A second clansman appeared in Kings of the Isles: Gunthor Son of Gurn. Apart from the ambush and his trait, I don’t really see how this guy fits into the Clansmen theme. What I do see is a very efficient
character and an argument could be made that he should slot into every Lannister deck for the foreseeable future (something something Austere Assembly).
On that subject, this cycle gifted us with what is undoubtedly an auto-include: Beneath the Bri… sorry no, Gold Mine. For me this comes out on top of all of the non-limited econ this cycle. From the Hound and Flea Bottom combo, to King’s Landing shenanigans, to, ya know, just drawing cards cos they’re good innit, Gold Mine is a must have in every deck.

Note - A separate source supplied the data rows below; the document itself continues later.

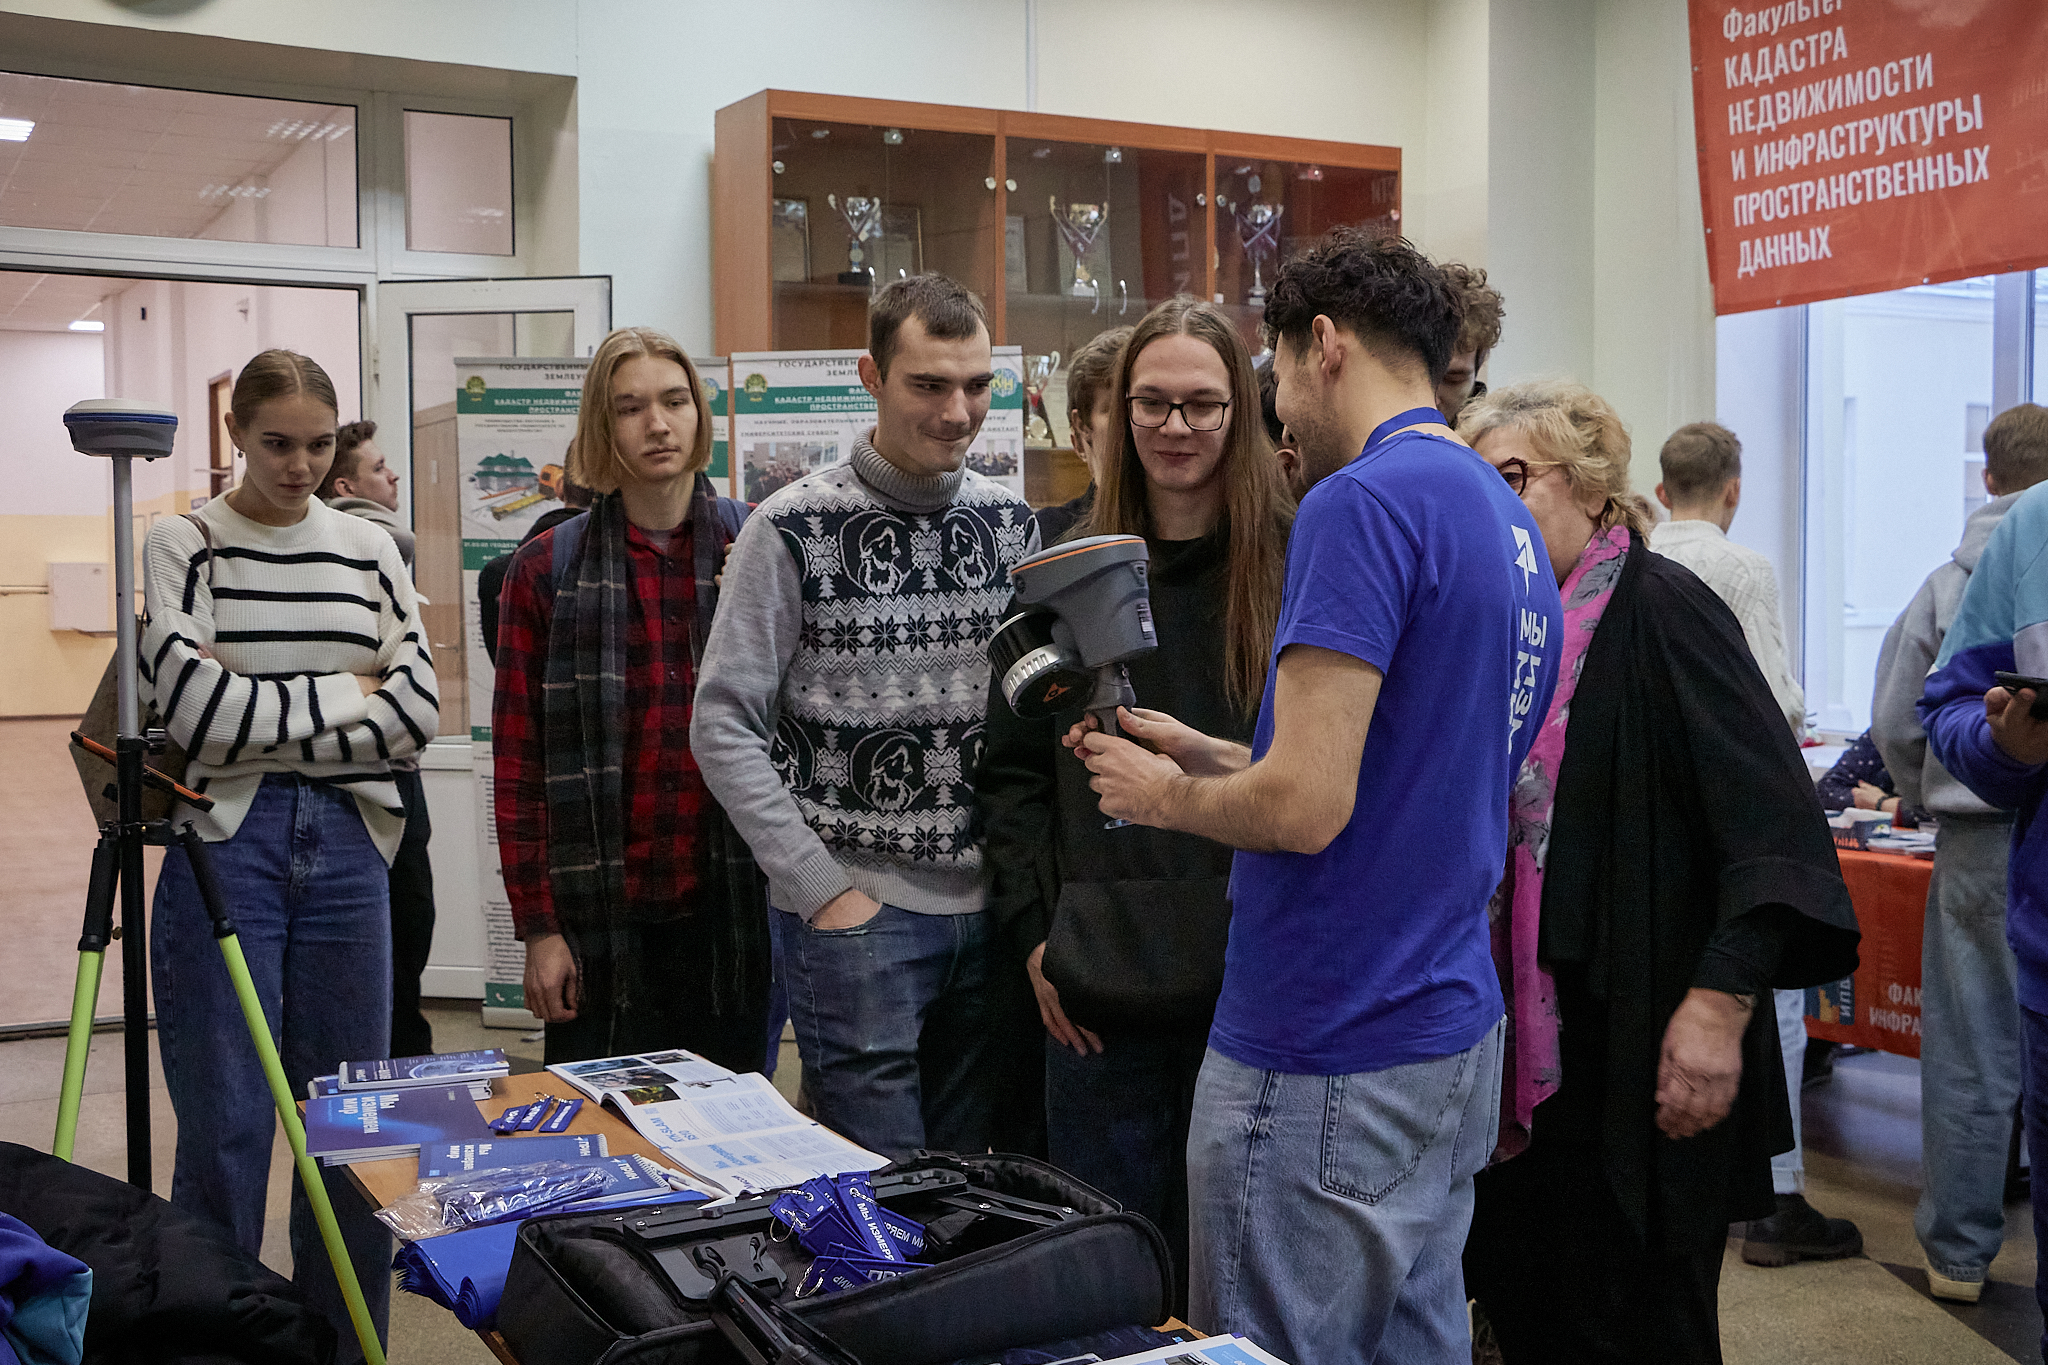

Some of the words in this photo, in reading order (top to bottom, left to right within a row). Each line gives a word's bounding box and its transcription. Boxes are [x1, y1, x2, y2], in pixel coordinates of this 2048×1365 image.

[1724, 26, 1848, 89] КАДАСТРА
[1728, 53, 1933, 135] НЕДВИЖИМОСТИ
[1731, 149, 1746, 182] И
[1753, 94, 1984, 177] ИНФРАСТРУКТУРЫ
[1733, 145, 1990, 227] ПРОСТРАНСТВЕННЫХ
[1737, 226, 1832, 279] ДАННЫХ
[1520, 608, 1547, 648] МЫ
[857, 1203, 872, 1221] МЫ
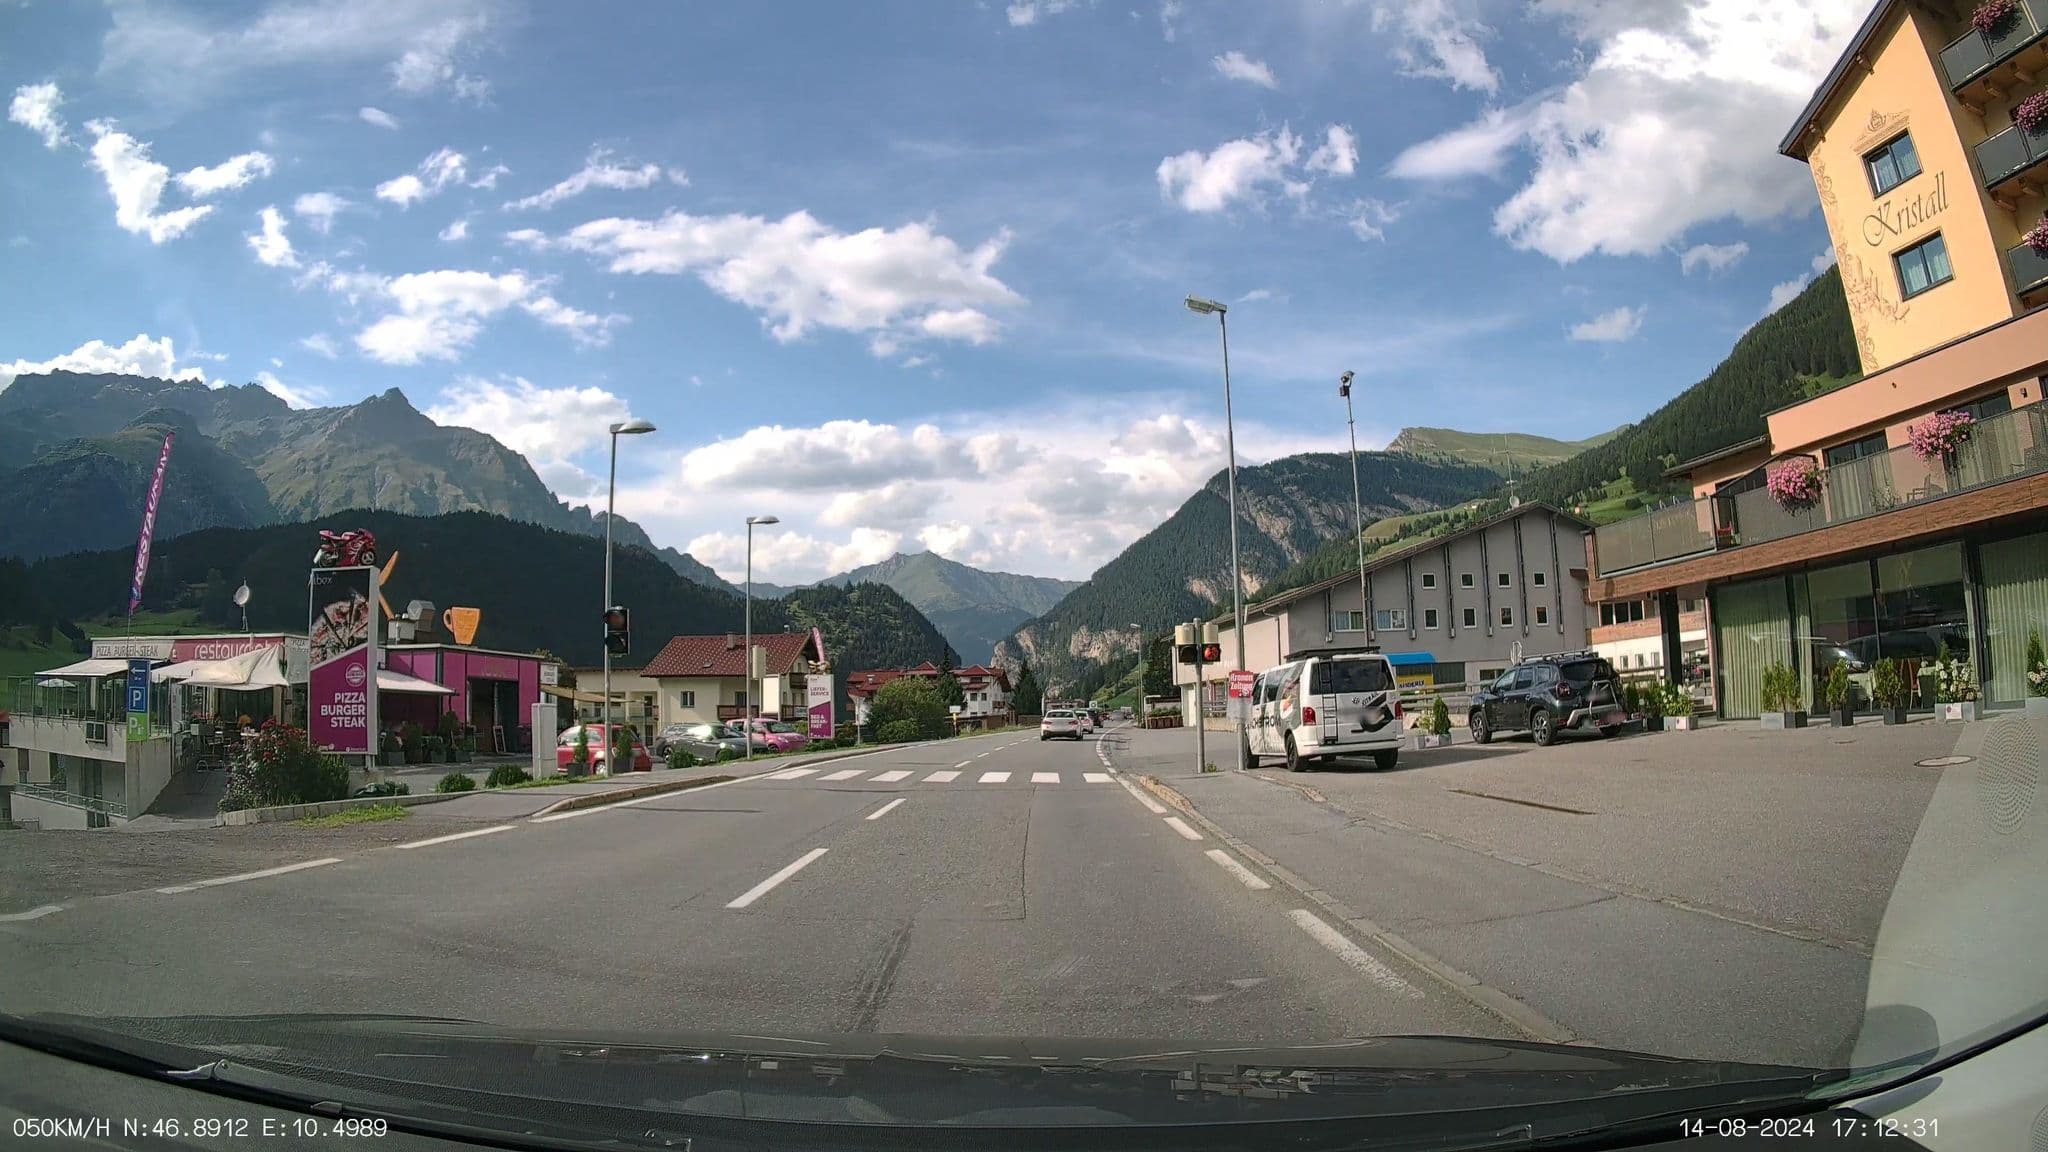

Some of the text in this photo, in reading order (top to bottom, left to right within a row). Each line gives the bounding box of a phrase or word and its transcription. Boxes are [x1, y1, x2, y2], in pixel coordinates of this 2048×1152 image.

[1862, 170, 1949, 247] Kristall
[134, 436, 170, 586] RESTAURANT
[95, 645, 112, 657] PIZZA
[133, 690, 142, 707] P
[334, 692, 366, 704] PIZZA
[321, 704, 366, 716] BURGER
[330, 716, 366, 728] STEAK

Ah yes, this is the part where we talk about Beneath the Bridge of Dream. I’m really not sure what the idea was with this card. Sure, there’s some fun to be had in Lanni Crossing to shoot for four Heads on Spikes in a row. But the plot phase is the most important aspect of this game, and removing any agency from that simply cannot be to my benefit. I know, I know, you just build a plot deck where any flip is good – but then, how effective could that plot deck really be?
Finally, I’m going to include My Mind Is My Weapon here. I don’t necessarily think it is jank, but I can honestly say it is not a card that I have figured out yet. My previous review of Ser Pounce has left me a
little more cautious about panning cards completely – by the end of the Store Champs season, I’m sure we’ll have a new deck from Nimer or Hanno showing us what it’s capable of.
That wraps up what has been an interesting and most importantly fun cycle for Lannister, which I haven’t been able to say for a while. The designers are showing some love to the red cards again and with another cycle of Shadows to come, the future is looking very promising indeed.